*TASK ITEM*.
Starting at the top line and ending at the last, restate the records exactly.

==== ENTRIES PROVIDED ====

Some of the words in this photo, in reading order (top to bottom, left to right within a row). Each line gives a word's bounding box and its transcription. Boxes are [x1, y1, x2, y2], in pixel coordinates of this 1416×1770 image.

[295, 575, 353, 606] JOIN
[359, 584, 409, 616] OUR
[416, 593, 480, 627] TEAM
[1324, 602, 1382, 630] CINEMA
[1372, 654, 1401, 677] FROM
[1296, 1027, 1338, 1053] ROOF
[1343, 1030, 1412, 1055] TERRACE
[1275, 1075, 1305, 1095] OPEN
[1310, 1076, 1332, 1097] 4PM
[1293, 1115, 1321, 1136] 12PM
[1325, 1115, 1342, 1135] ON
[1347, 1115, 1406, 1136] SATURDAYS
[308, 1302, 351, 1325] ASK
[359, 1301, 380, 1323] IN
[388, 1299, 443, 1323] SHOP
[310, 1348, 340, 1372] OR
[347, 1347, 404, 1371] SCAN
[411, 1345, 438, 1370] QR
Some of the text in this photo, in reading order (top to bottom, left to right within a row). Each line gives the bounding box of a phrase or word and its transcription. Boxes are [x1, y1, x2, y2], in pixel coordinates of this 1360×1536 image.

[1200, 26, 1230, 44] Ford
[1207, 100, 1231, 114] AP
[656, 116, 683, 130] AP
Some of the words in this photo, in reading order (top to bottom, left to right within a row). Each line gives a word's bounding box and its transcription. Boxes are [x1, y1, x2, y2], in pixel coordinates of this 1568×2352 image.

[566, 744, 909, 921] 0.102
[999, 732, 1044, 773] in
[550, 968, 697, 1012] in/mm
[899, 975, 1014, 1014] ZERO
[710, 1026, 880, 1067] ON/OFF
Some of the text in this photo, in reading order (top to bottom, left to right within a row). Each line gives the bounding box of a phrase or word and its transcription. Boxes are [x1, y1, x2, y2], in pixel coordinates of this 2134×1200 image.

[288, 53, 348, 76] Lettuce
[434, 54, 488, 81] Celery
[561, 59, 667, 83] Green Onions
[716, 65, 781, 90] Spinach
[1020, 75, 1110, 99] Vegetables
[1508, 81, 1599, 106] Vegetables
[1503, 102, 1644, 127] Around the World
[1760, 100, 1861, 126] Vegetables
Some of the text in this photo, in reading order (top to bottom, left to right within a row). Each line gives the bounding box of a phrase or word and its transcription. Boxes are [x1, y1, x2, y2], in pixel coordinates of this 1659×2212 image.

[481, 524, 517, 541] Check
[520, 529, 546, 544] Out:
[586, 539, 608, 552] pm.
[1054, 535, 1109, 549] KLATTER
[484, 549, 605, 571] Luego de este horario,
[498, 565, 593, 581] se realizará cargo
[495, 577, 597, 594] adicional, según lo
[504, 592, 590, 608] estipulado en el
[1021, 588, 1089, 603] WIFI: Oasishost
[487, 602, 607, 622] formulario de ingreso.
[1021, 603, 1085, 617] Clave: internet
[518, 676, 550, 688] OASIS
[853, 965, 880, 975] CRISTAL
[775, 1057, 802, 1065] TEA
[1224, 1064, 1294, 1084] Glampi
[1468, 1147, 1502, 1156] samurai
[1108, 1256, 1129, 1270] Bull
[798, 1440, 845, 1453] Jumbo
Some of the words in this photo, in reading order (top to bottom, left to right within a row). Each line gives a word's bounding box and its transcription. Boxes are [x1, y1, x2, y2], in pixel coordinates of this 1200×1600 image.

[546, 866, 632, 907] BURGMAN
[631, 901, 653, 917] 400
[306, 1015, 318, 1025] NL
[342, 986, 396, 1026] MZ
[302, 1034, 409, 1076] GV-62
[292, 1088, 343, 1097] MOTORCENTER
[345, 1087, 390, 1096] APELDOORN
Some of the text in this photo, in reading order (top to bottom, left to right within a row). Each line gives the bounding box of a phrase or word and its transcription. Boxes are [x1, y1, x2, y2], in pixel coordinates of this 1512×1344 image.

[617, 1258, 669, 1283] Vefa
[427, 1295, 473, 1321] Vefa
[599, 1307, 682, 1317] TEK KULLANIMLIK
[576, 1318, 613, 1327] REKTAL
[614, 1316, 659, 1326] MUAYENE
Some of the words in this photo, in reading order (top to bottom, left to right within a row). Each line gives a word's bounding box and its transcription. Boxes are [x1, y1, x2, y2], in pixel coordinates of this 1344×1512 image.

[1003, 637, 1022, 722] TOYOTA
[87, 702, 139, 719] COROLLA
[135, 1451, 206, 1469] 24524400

====

*RESPONSE TO THIS TASK*.
Some of the words in this photo, in reading order (top to bottom, left to right within a row). Each line gives a word's bounding box and its transcription. Boxes are [x1, y1, x2, y2], in pixel coordinates of this 1416×1770 image.

[295, 575, 353, 606] JOIN
[359, 584, 409, 616] OUR
[416, 593, 480, 627] TEAM
[1324, 602, 1382, 630] CINEMA
[1372, 654, 1401, 677] FROM
[1296, 1027, 1338, 1053] ROOF
[1343, 1030, 1412, 1055] TERRACE
[1275, 1075, 1305, 1095] OPEN
[1310, 1076, 1332, 1097] 4PM
[1293, 1115, 1321, 1136] 12PM
[1325, 1115, 1342, 1135] ON
[1347, 1115, 1406, 1136] SATURDAYS
[308, 1302, 351, 1325] ASK
[359, 1301, 380, 1323] IN
[388, 1299, 443, 1323] SHOP
[310, 1348, 340, 1372] OR
[347, 1347, 404, 1371] SCAN
[411, 1345, 438, 1370] QR
Some of the text in this photo, in reading order (top to bottom, left to right within a row). Each line gives the bounding box of a phrase or word and its transcription. Boxes are [x1, y1, x2, y2], in pixel coordinates of this 1360×1536 image.

[1200, 26, 1230, 44] Ford
[1207, 100, 1231, 114] AP
[656, 116, 683, 130] AP
Some of the words in this photo, in reading order (top to bottom, left to right within a row). Each line gives a word's bounding box and its transcription. Boxes are [x1, y1, x2, y2], in pixel coordinates of this 1568×2352 image.

[566, 744, 909, 921] 0.102
[999, 732, 1044, 773] in
[550, 968, 697, 1012] in/mm
[899, 975, 1014, 1014] ZERO
[710, 1026, 880, 1067] ON/OFF
Some of the text in this photo, in reading order (top to bottom, left to right within a row). Each line gives the bounding box of a phrase or word and its transcription. Boxes are [x1, y1, x2, y2], in pixel coordinates of this 2134×1200 image.

[288, 53, 348, 76] Lettuce
[434, 54, 488, 81] Celery
[561, 59, 667, 83] Green Onions
[716, 65, 781, 90] Spinach
[1020, 75, 1110, 99] Vegetables
[1508, 81, 1599, 106] Vegetables
[1503, 102, 1644, 127] Around the World
[1760, 100, 1861, 126] Vegetables
Some of the text in this photo, in reading order (top to bottom, left to right within a row). Each line gives the bounding box of a phrase or word and its transcription. Boxes are [x1, y1, x2, y2], in pixel coordinates of this 1659×2212 image.

[481, 524, 517, 541] Check
[520, 529, 546, 544] Out:
[586, 539, 608, 552] pm.
[1054, 535, 1109, 549] KLATTER
[484, 549, 605, 571] Luego de este horario,
[498, 565, 593, 581] se realizará cargo
[495, 577, 597, 594] adicional, según lo
[504, 592, 590, 608] estipulado en el
[1021, 588, 1089, 603] WIFI: Oasishost
[487, 602, 607, 622] formulario de ingreso.
[1021, 603, 1085, 617] Clave: internet
[518, 676, 550, 688] OASIS
[853, 965, 880, 975] CRISTAL
[775, 1057, 802, 1065] TEA
[1224, 1064, 1294, 1084] Glampi
[1468, 1147, 1502, 1156] samurai
[1108, 1256, 1129, 1270] Bull
[798, 1440, 845, 1453] Jumbo
Some of the words in this photo, in reading order (top to bottom, left to right within a row). Each line gives a word's bounding box and its transcription. Boxes are [x1, y1, x2, y2], in pixel coordinates of this 1200×1600 image.

[546, 866, 632, 907] BURGMAN
[631, 901, 653, 917] 400
[306, 1015, 318, 1025] NL
[342, 986, 396, 1026] MZ
[302, 1034, 409, 1076] GV-62
[292, 1088, 343, 1097] MOTORCENTER
[345, 1087, 390, 1096] APELDOORN
Some of the text in this photo, in reading order (top to bottom, left to right within a row). Each line gives the bounding box of a phrase or word and its transcription. Boxes are [x1, y1, x2, y2], in pixel coordinates of this 1512×1344 image.

[617, 1258, 669, 1283] Vefa
[427, 1295, 473, 1321] Vefa
[599, 1307, 682, 1317] TEK KULLANIMLIK
[576, 1318, 613, 1327] REKTAL
[614, 1316, 659, 1326] MUAYENE
Some of the words in this photo, in reading order (top to bottom, left to right within a row). Each line gives a word's bounding box and its transcription. Boxes are [x1, y1, x2, y2], in pixel coordinates of this 1344×1512 image.

[1003, 637, 1022, 722] TOYOTA
[87, 702, 139, 719] COROLLA
[135, 1451, 206, 1469] 24524400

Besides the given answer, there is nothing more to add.